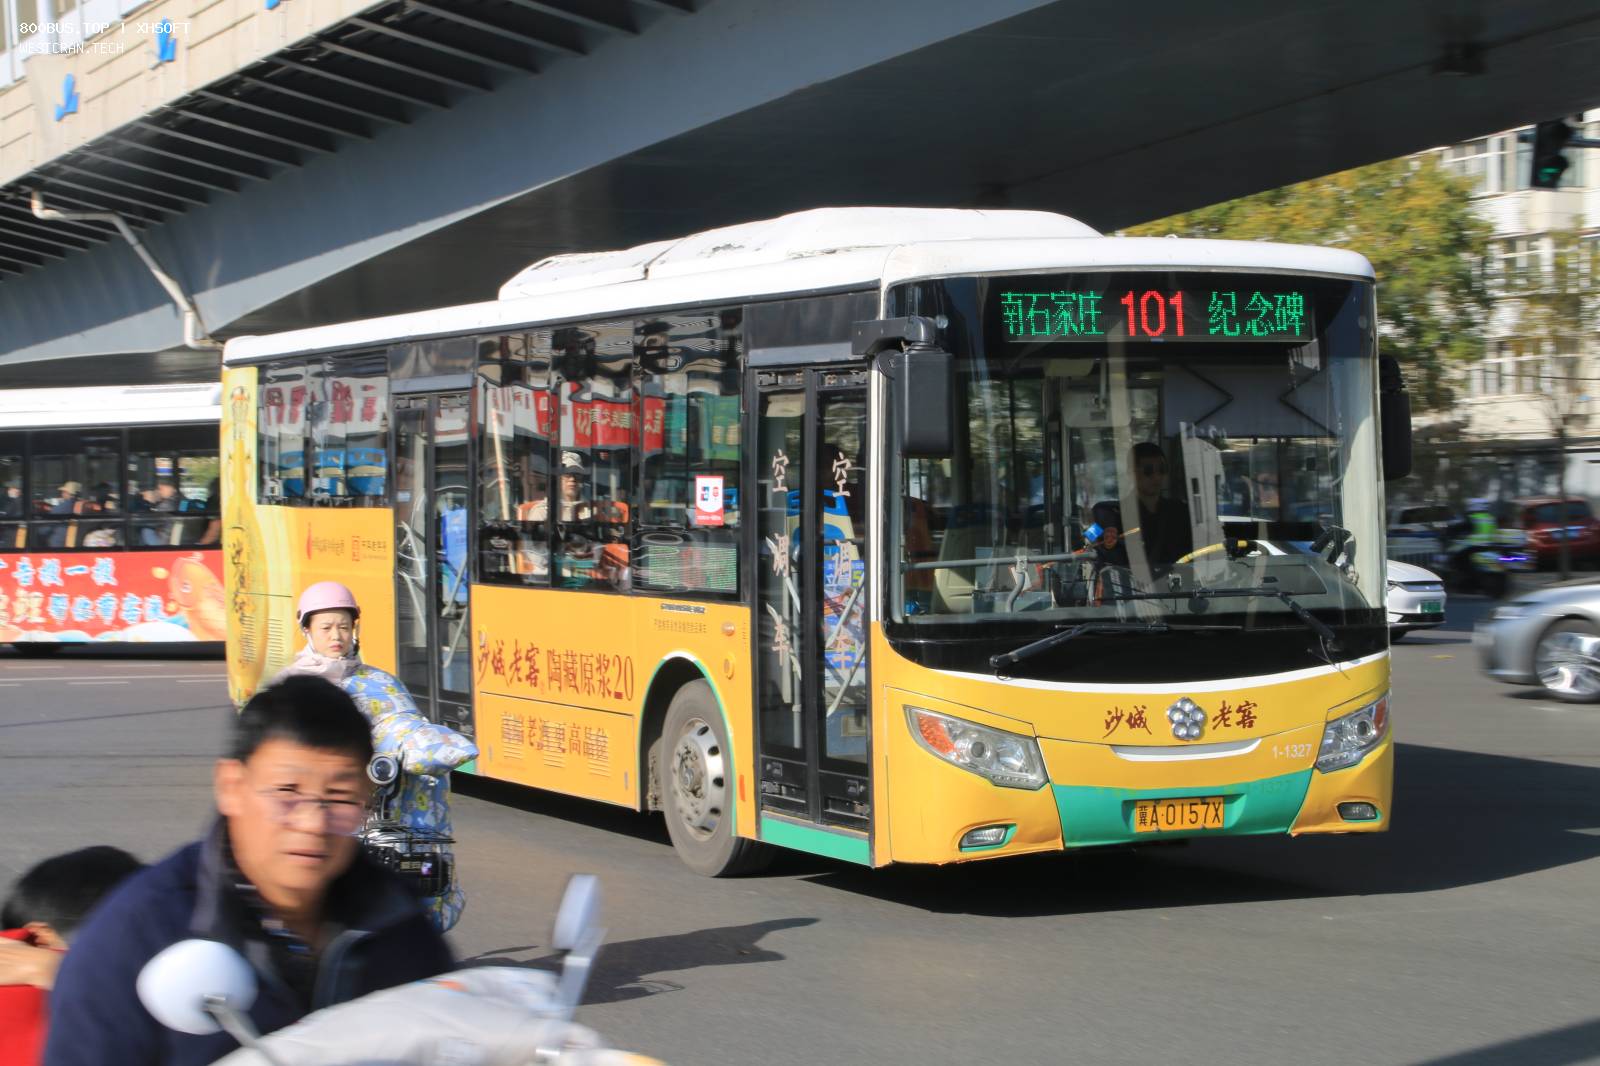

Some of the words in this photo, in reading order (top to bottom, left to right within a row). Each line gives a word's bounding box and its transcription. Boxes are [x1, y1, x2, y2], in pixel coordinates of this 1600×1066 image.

[1120, 290, 1184, 337] 101
[1207, 291, 1305, 337] 纪念碑
[771, 448, 789, 667] 空调车
[832, 451, 852, 669] 空调车
[1212, 700, 1258, 730] 老窖
[1271, 743, 1312, 759] 1-1327

Assignment: Write the records out once more, exactly as they appear, with no pictures.

Written response:
Some of the words in this photo, in reading order (top to bottom, left to right within a row). Each line gives a word's bounding box and its transcription. Boxes are [x1, y1, x2, y2], in pixel coordinates of this 1600×1066 image.

[1120, 290, 1184, 337] 101
[1207, 291, 1305, 337] 纪念碑
[771, 448, 789, 667] 空调车
[832, 451, 852, 669] 空调车
[1212, 700, 1258, 730] 老窖
[1271, 743, 1312, 759] 1-1327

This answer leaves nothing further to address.